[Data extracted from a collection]
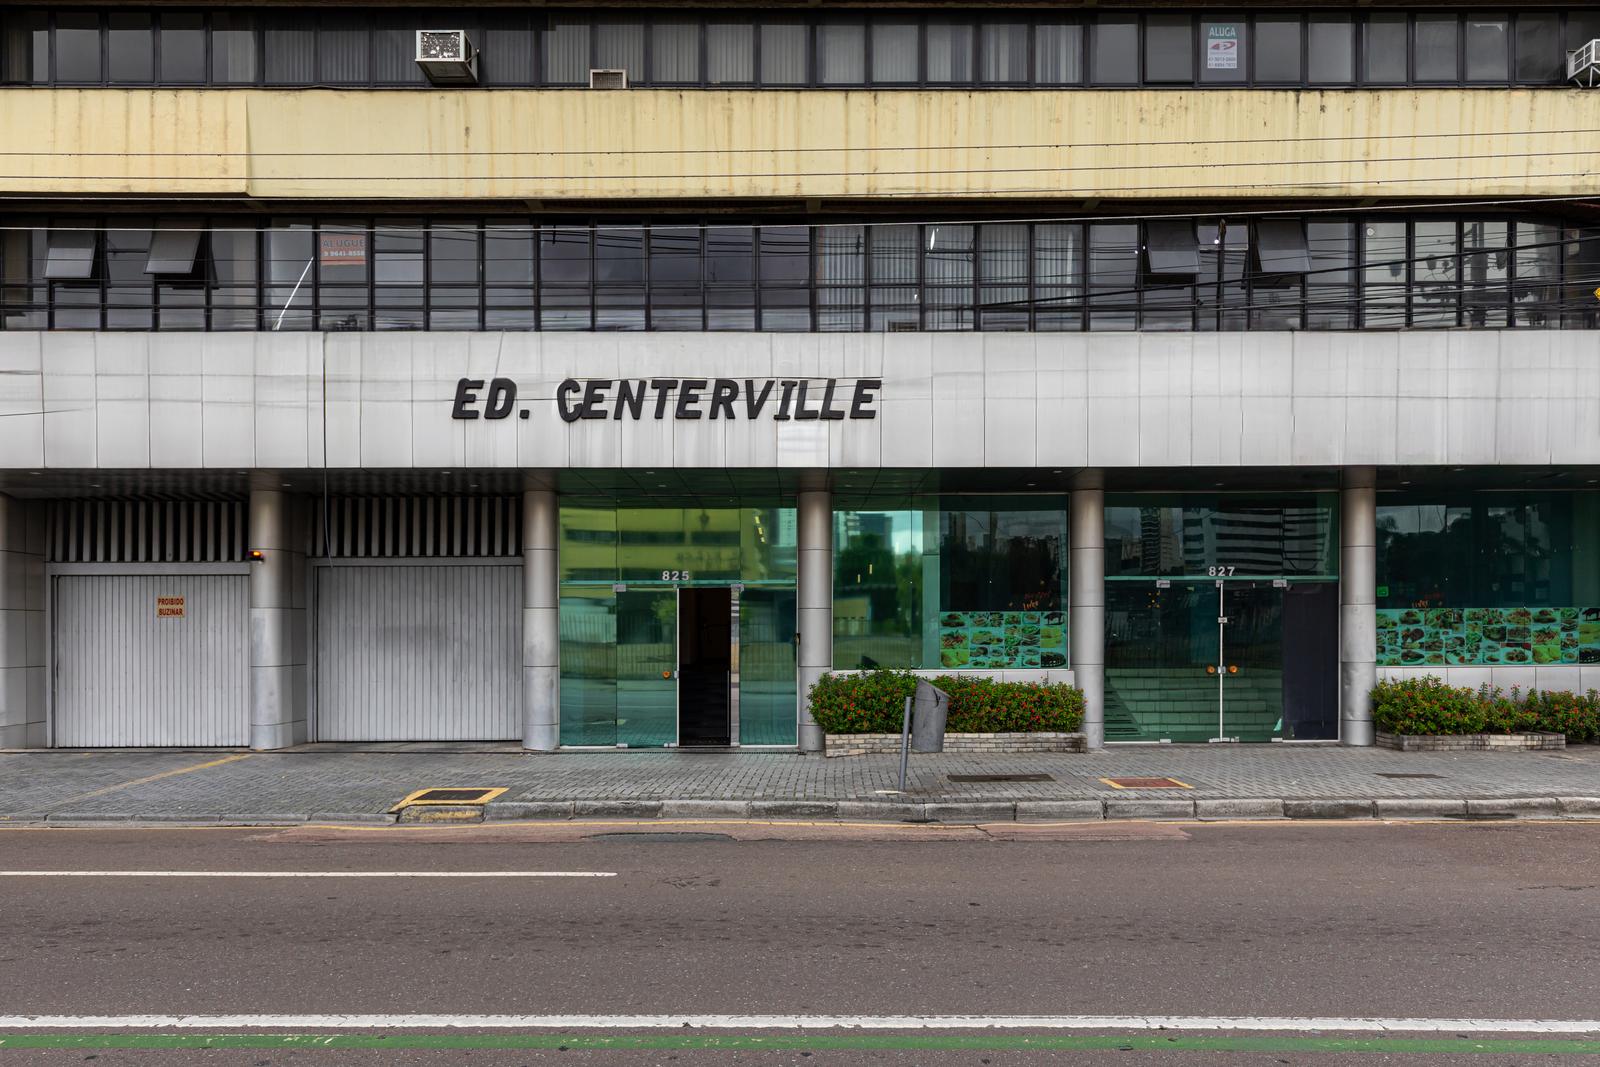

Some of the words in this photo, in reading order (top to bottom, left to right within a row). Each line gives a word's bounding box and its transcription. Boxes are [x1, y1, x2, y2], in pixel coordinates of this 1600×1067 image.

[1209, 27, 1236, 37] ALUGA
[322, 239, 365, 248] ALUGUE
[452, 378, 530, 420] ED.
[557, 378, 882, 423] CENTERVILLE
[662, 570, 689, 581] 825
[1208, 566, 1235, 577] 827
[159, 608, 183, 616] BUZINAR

** What to work on **
Set down all entries above again, exactly, without images.

** Result for this exercise **
Some of the words in this photo, in reading order (top to bottom, left to right within a row). Each line gives a word's bounding box and its transcription. Boxes are [x1, y1, x2, y2], in pixel coordinates of this 1600×1067 image.

[1209, 27, 1236, 37] ALUGA
[322, 239, 365, 248] ALUGUE
[452, 378, 530, 420] ED.
[557, 378, 882, 423] CENTERVILLE
[662, 570, 689, 581] 825
[1208, 566, 1235, 577] 827
[159, 608, 183, 616] BUZINAR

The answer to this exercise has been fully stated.